• [Work to complete]: Quote the data below in full, please, without altering anything.

• [Dataset extract]:
========
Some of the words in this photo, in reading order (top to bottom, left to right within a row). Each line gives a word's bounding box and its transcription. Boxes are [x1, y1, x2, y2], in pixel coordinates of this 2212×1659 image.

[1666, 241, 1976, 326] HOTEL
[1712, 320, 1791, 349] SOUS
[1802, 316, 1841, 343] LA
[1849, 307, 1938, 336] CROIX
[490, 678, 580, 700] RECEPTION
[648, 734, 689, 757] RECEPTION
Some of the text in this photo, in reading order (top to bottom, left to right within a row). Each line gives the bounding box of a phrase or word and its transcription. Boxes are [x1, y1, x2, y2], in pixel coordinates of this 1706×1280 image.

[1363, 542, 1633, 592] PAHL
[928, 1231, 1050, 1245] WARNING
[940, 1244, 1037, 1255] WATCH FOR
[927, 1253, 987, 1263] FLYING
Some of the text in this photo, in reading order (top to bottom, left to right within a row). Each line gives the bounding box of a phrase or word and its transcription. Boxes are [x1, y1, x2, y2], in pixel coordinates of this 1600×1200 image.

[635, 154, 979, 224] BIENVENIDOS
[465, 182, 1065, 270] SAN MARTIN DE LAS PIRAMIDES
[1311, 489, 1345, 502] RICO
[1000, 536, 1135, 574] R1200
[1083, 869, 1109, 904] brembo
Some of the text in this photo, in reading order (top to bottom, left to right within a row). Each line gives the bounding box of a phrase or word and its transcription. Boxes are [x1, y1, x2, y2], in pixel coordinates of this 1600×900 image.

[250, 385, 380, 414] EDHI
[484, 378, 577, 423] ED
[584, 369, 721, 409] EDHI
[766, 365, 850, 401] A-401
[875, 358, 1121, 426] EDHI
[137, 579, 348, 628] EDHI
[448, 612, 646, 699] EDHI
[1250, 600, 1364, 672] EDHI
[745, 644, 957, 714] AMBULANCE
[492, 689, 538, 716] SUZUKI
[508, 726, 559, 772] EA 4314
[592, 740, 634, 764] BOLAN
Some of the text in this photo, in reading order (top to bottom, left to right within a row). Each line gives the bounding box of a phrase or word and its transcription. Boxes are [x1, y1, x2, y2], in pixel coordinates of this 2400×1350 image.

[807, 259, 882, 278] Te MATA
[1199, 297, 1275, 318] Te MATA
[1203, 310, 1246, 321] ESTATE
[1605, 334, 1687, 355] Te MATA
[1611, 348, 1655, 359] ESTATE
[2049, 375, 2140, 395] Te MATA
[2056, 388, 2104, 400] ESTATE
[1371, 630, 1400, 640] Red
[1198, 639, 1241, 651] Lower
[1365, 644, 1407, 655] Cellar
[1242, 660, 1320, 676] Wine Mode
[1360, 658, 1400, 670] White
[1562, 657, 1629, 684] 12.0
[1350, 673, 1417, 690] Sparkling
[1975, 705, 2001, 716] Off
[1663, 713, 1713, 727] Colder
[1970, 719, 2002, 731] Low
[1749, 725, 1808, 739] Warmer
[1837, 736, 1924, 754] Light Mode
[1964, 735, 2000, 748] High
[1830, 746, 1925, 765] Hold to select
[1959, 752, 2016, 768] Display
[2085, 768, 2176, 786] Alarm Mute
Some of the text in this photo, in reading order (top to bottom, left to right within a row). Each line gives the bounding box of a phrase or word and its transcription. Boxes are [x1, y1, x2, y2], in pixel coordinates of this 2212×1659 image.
========
• [Exercise response]:
Some of the words in this photo, in reading order (top to bottom, left to right within a row). Each line gives a word's bounding box and its transcription. Boxes are [x1, y1, x2, y2], in pixel coordinates of this 2212×1659 image.

[1666, 241, 1976, 326] HOTEL
[1712, 320, 1791, 349] SOUS
[1802, 316, 1841, 343] LA
[1849, 307, 1938, 336] CROIX
[490, 678, 580, 700] RECEPTION
[648, 734, 689, 757] RECEPTION
Some of the text in this photo, in reading order (top to bottom, left to right within a row). Each line gives the bounding box of a phrase or word and its transcription. Boxes are [x1, y1, x2, y2], in pixel coordinates of this 1706×1280 image.

[1363, 542, 1633, 592] PAHL
[928, 1231, 1050, 1245] WARNING
[940, 1244, 1037, 1255] WATCH FOR
[927, 1253, 987, 1263] FLYING
Some of the text in this photo, in reading order (top to bottom, left to right within a row). Each line gives the bounding box of a phrase or word and its transcription. Boxes are [x1, y1, x2, y2], in pixel coordinates of this 1600×1200 image.

[635, 154, 979, 224] BIENVENIDOS
[465, 182, 1065, 270] SAN MARTIN DE LAS PIRAMIDES
[1311, 489, 1345, 502] RICO
[1000, 536, 1135, 574] R1200
[1083, 869, 1109, 904] brembo
Some of the text in this photo, in reading order (top to bottom, left to right within a row). Each line gives the bounding box of a phrase or word and its transcription. Boxes are [x1, y1, x2, y2], in pixel coordinates of this 1600×900 image.

[250, 385, 380, 414] EDHI
[484, 378, 577, 423] ED
[584, 369, 721, 409] EDHI
[766, 365, 850, 401] A-401
[875, 358, 1121, 426] EDHI
[137, 579, 348, 628] EDHI
[448, 612, 646, 699] EDHI
[1250, 600, 1364, 672] EDHI
[745, 644, 957, 714] AMBULANCE
[492, 689, 538, 716] SUZUKI
[508, 726, 559, 772] EA 4314
[592, 740, 634, 764] BOLAN
Some of the text in this photo, in reading order (top to bottom, left to right within a row). Each line gives the bounding box of a phrase or word and its transcription. Boxes are [x1, y1, x2, y2], in pixel coordinates of this 2400×1350 image.

[807, 259, 882, 278] Te MATA
[1199, 297, 1275, 318] Te MATA
[1203, 310, 1246, 321] ESTATE
[1605, 334, 1687, 355] Te MATA
[1611, 348, 1655, 359] ESTATE
[2049, 375, 2140, 395] Te MATA
[2056, 388, 2104, 400] ESTATE
[1371, 630, 1400, 640] Red
[1198, 639, 1241, 651] Lower
[1365, 644, 1407, 655] Cellar
[1242, 660, 1320, 676] Wine Mode
[1360, 658, 1400, 670] White
[1562, 657, 1629, 684] 12.0
[1350, 673, 1417, 690] Sparkling
[1975, 705, 2001, 716] Off
[1663, 713, 1713, 727] Colder
[1970, 719, 2002, 731] Low
[1749, 725, 1808, 739] Warmer
[1837, 736, 1924, 754] Light Mode
[1964, 735, 2000, 748] High
[1830, 746, 1925, 765] Hold to select
[1959, 752, 2016, 768] Display
[2085, 768, 2176, 786] Alarm Mute
Some of the text in this photo, in reading order (top to bottom, left to right within a row). Each line gives the bounding box of a phrase or word and its transcription. Boxes are [x1, y1, x2, y2], in pixel coordinates of this 2212×1659 image.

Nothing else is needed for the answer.